> [Brief]: Can you restate the records below word for word?
● ● ●
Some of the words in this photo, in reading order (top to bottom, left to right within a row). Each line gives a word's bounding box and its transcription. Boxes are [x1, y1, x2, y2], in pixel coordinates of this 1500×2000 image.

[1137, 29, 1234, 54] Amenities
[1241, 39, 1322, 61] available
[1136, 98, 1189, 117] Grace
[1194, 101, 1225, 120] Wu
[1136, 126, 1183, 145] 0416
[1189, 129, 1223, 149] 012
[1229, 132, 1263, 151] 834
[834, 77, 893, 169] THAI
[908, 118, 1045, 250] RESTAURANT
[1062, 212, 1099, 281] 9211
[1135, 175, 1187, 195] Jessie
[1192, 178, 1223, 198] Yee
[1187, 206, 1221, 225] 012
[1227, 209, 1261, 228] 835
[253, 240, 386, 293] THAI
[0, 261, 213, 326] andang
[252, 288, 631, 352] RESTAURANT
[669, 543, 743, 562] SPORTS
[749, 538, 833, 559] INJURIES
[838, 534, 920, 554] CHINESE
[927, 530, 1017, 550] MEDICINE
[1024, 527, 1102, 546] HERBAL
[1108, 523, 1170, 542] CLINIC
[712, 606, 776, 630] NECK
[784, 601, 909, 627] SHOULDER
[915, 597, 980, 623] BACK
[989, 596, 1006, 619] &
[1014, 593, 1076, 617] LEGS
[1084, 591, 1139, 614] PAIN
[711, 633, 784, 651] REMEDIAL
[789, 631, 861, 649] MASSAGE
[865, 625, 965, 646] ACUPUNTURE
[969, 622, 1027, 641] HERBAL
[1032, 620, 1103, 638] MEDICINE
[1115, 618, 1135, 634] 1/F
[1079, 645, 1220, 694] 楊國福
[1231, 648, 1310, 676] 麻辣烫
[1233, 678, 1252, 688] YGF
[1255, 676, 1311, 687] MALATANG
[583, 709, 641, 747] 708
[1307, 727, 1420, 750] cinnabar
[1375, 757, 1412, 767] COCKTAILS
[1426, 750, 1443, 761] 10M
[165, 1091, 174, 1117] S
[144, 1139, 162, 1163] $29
● ● ●
> [Solution]:
Some of the words in this photo, in reading order (top to bottom, left to right within a row). Each line gives a word's bounding box and its transcription. Boxes are [x1, y1, x2, y2], in pixel coordinates of this 1500×2000 image.

[1137, 29, 1234, 54] Amenities
[1241, 39, 1322, 61] available
[1136, 98, 1189, 117] Grace
[1194, 101, 1225, 120] Wu
[1136, 126, 1183, 145] 0416
[1189, 129, 1223, 149] 012
[1229, 132, 1263, 151] 834
[834, 77, 893, 169] THAI
[908, 118, 1045, 250] RESTAURANT
[1062, 212, 1099, 281] 9211
[1135, 175, 1187, 195] Jessie
[1192, 178, 1223, 198] Yee
[1187, 206, 1221, 225] 012
[1227, 209, 1261, 228] 835
[253, 240, 386, 293] THAI
[0, 261, 213, 326] andang
[252, 288, 631, 352] RESTAURANT
[669, 543, 743, 562] SPORTS
[749, 538, 833, 559] INJURIES
[838, 534, 920, 554] CHINESE
[927, 530, 1017, 550] MEDICINE
[1024, 527, 1102, 546] HERBAL
[1108, 523, 1170, 542] CLINIC
[712, 606, 776, 630] NECK
[784, 601, 909, 627] SHOULDER
[915, 597, 980, 623] BACK
[989, 596, 1006, 619] &
[1014, 593, 1076, 617] LEGS
[1084, 591, 1139, 614] PAIN
[711, 633, 784, 651] REMEDIAL
[789, 631, 861, 649] MASSAGE
[865, 625, 965, 646] ACUPUNTURE
[969, 622, 1027, 641] HERBAL
[1032, 620, 1103, 638] MEDICINE
[1115, 618, 1135, 634] 1/F
[1079, 645, 1220, 694] 楊國福
[1231, 648, 1310, 676] 麻辣烫
[1233, 678, 1252, 688] YGF
[1255, 676, 1311, 687] MALATANG
[583, 709, 641, 747] 708
[1307, 727, 1420, 750] cinnabar
[1375, 757, 1412, 767] COCKTAILS
[1426, 750, 1443, 761] 10M
[165, 1091, 174, 1117] S
[144, 1139, 162, 1163] $29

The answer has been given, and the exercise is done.